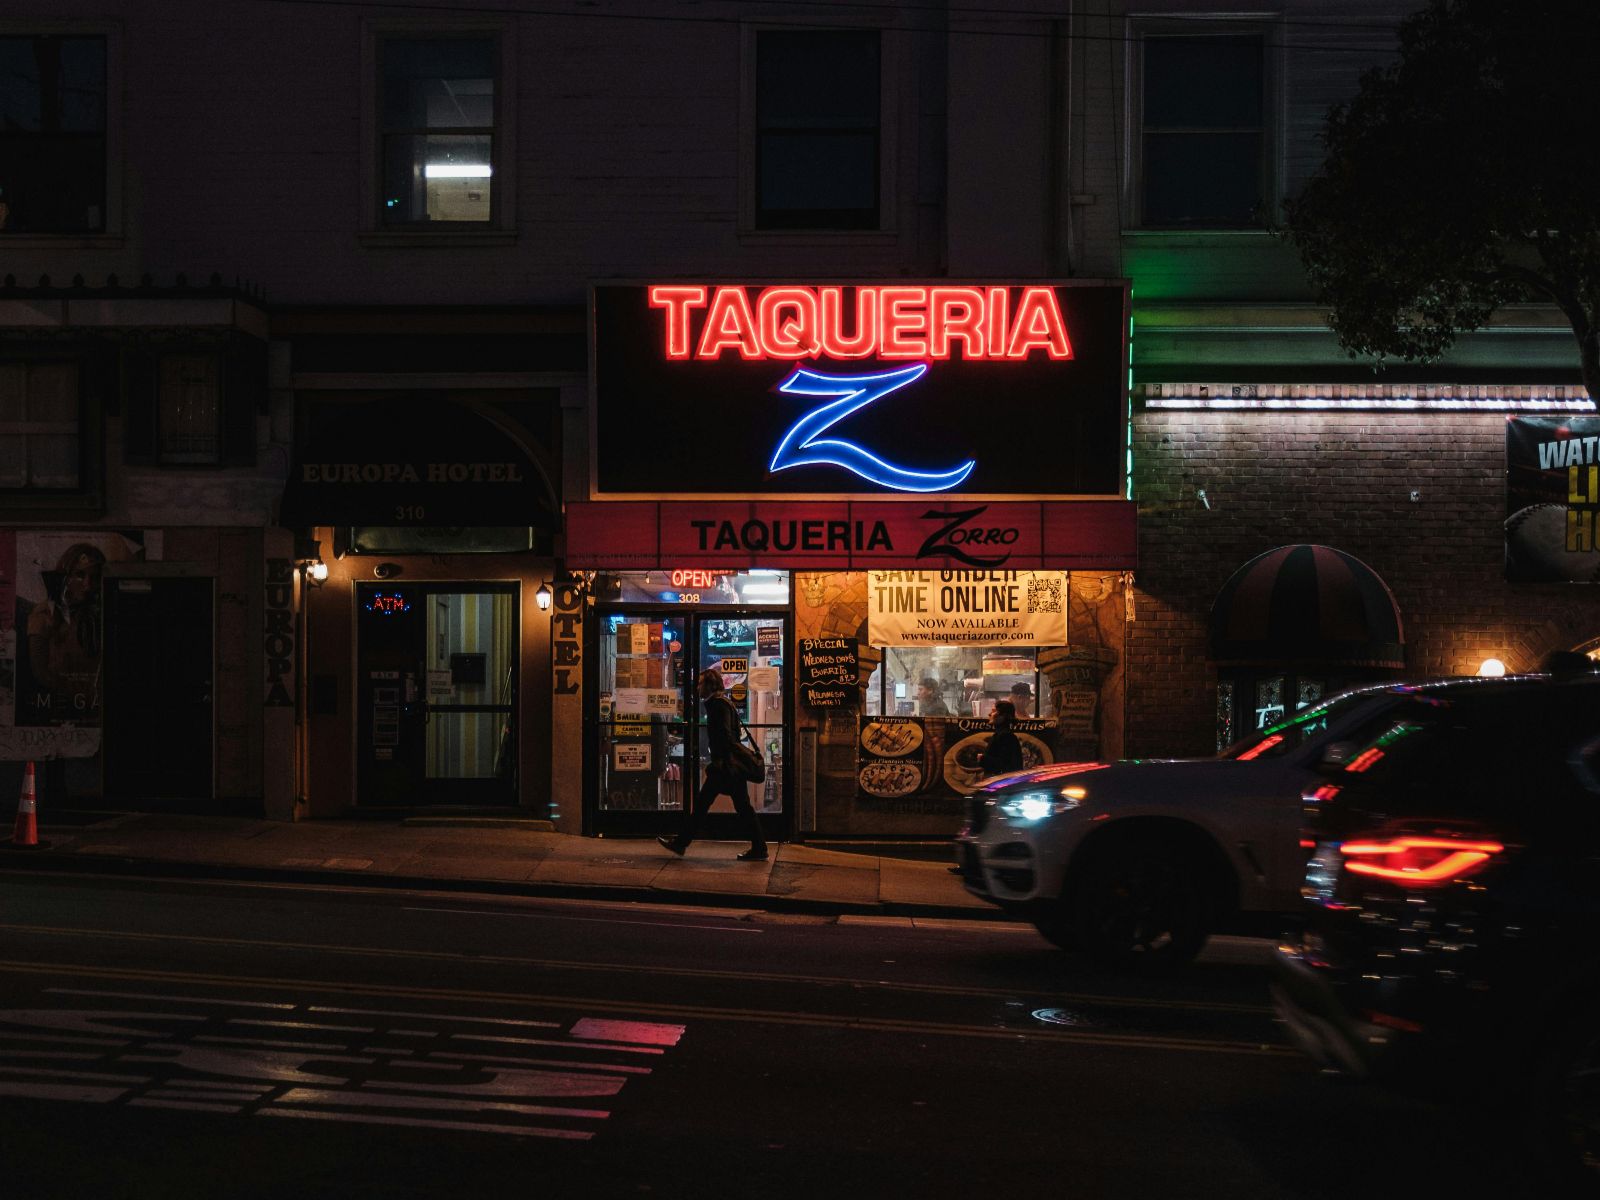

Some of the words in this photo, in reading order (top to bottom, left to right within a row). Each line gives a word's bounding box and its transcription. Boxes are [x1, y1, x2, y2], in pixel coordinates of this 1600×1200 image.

[648, 284, 1075, 361] TAQUERIA
[767, 363, 977, 493] Z
[1537, 436, 1600, 471] WAT
[302, 463, 420, 483] EUROPA
[427, 463, 523, 483] HOTEL
[395, 506, 425, 520] 310
[691, 519, 894, 553] TAQUERIA
[671, 570, 712, 588] OPEN
[372, 597, 405, 612] ATM
[678, 593, 700, 604] 308
[875, 586, 928, 614] TIME
[939, 585, 1020, 614] ONLINE
[265, 558, 294, 707] EUROPA
[917, 618, 949, 629] NOW
[951, 618, 1020, 629] AVAILABLE
[553, 584, 583, 695] OTEL
[803, 639, 848, 651] SPECIAL
[901, 631, 1035, 643] www.taqueriazorro.com
[722, 660, 747, 671] OPEN
[616, 713, 641, 721] SMILE
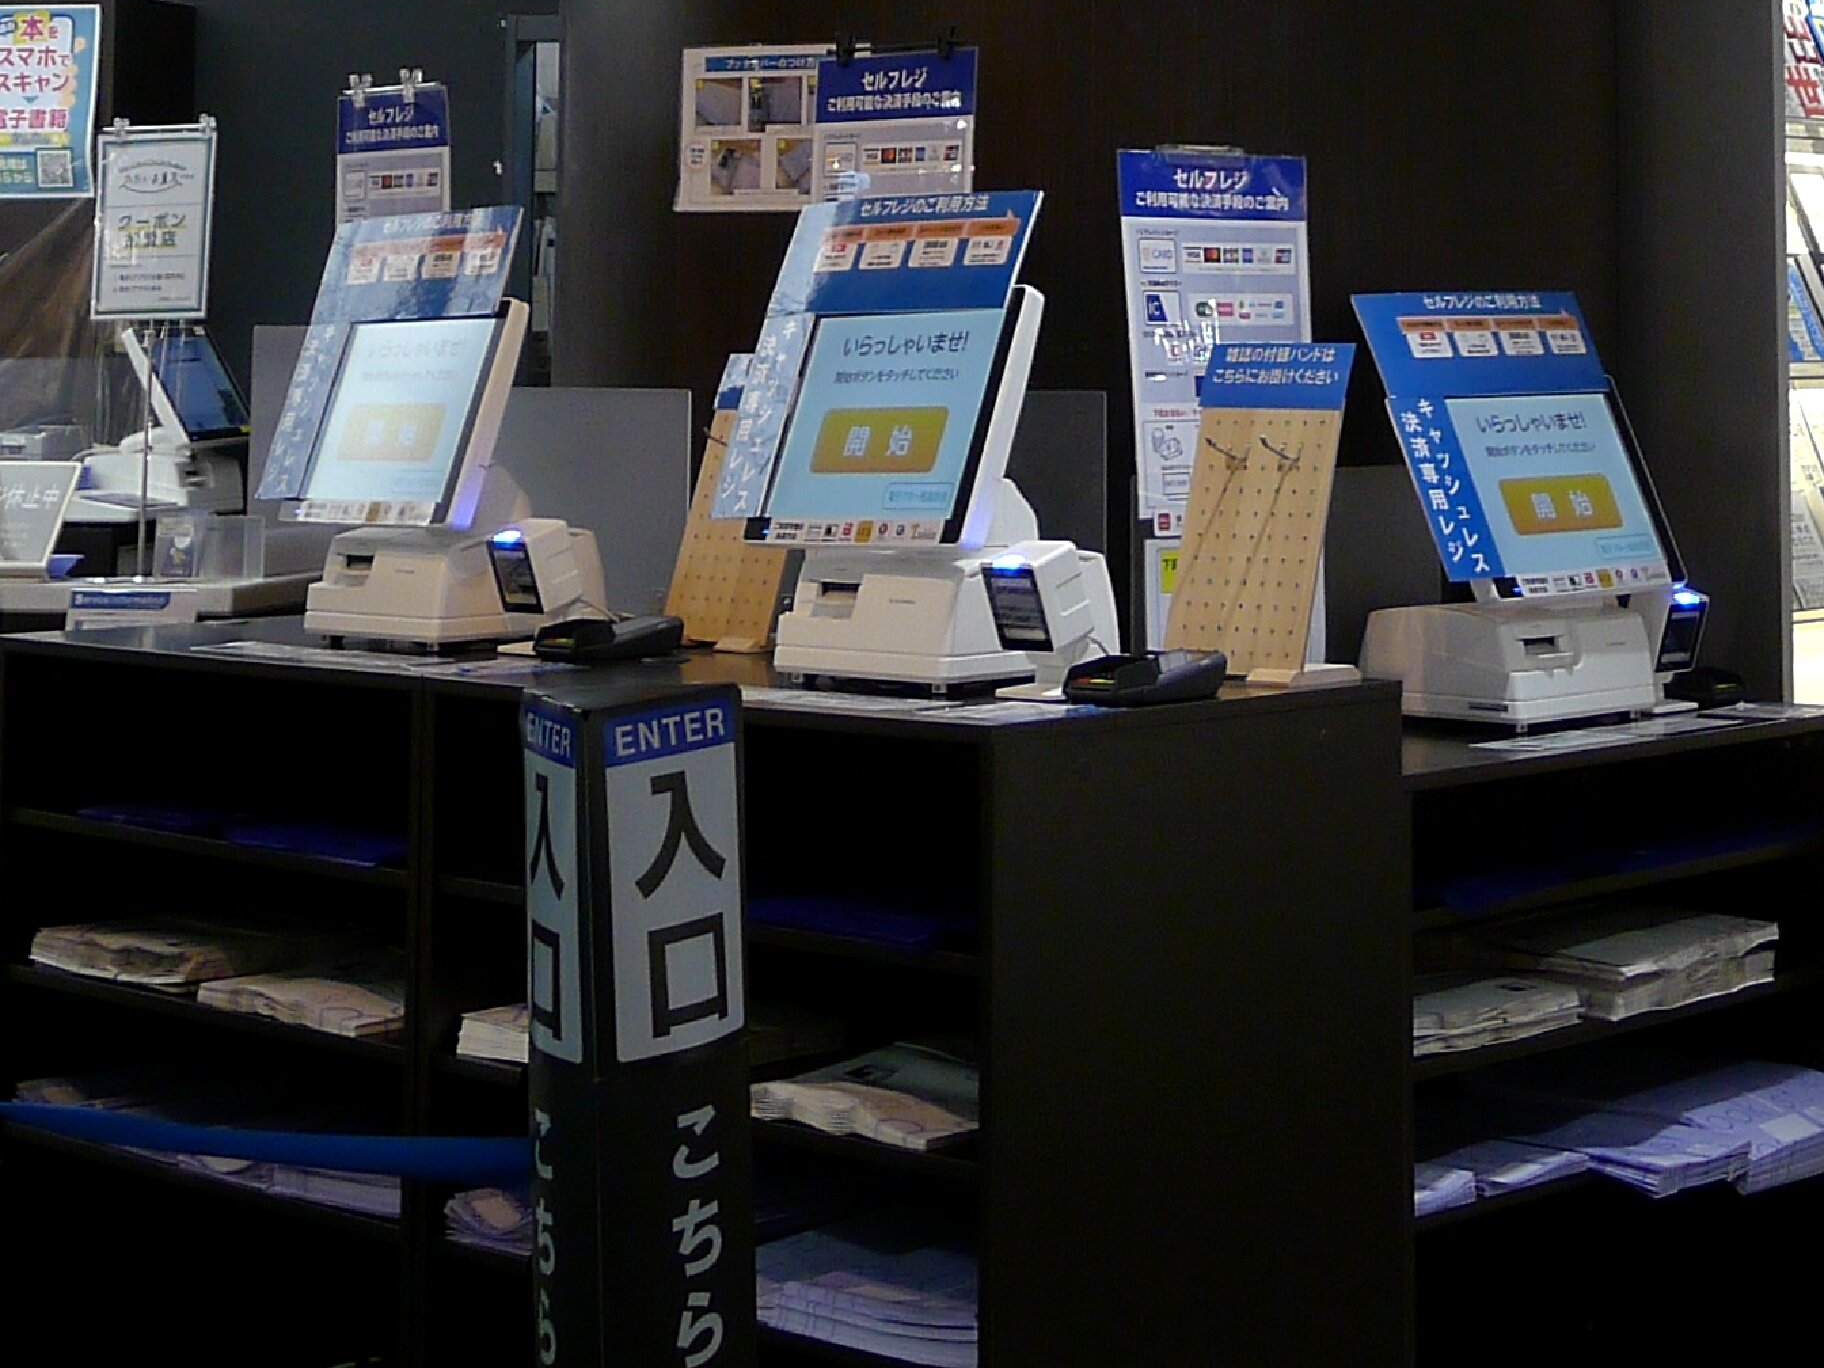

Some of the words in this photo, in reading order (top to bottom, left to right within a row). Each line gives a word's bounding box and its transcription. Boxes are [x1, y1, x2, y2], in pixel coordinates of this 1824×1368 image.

[862, 67, 928, 92] セルフレジ
[1173, 168, 1248, 190] セルフレジ
[526, 710, 571, 759] ENTER
[615, 707, 726, 756] ENTER
[529, 771, 564, 1041] 入口
[635, 770, 728, 1039] 入口
[670, 1104, 724, 1368] こちら

☆ ☆ ☆

> [EXERCISE OBJECTIVE] When you repeat the listing, keep it exact and leave the pictures behind.

> [EXERCISE OUTPUT]
Some of the words in this photo, in reading order (top to bottom, left to right within a row). Each line gives a word's bounding box and its transcription. Boxes are [x1, y1, x2, y2], in pixel coordinates of this 1600×1200 image.

[648, 284, 1075, 361] TAQUERIA
[767, 363, 977, 493] Z
[1537, 436, 1600, 471] WAT
[302, 463, 420, 483] EUROPA
[427, 463, 523, 483] HOTEL
[395, 506, 425, 520] 310
[691, 519, 894, 553] TAQUERIA
[671, 570, 712, 588] OPEN
[372, 597, 405, 612] ATM
[678, 593, 700, 604] 308
[875, 586, 928, 614] TIME
[939, 585, 1020, 614] ONLINE
[265, 558, 294, 707] EUROPA
[917, 618, 949, 629] NOW
[951, 618, 1020, 629] AVAILABLE
[553, 584, 583, 695] OTEL
[803, 639, 848, 651] SPECIAL
[901, 631, 1035, 643] www.taqueriazorro.com
[722, 660, 747, 671] OPEN
[616, 713, 641, 721] SMILE

Some of the words in this photo, in reading order (top to bottom, left to right within a row). Each line gives a word's bounding box and its transcription. Boxes are [x1, y1, x2, y2], in pixel coordinates of this 1824×1368 image.

[862, 67, 928, 92] セルフレジ
[1173, 168, 1248, 190] セルフレジ
[526, 710, 571, 759] ENTER
[615, 707, 726, 756] ENTER
[529, 771, 564, 1041] 入口
[635, 770, 728, 1039] 入口
[670, 1104, 724, 1368] こちら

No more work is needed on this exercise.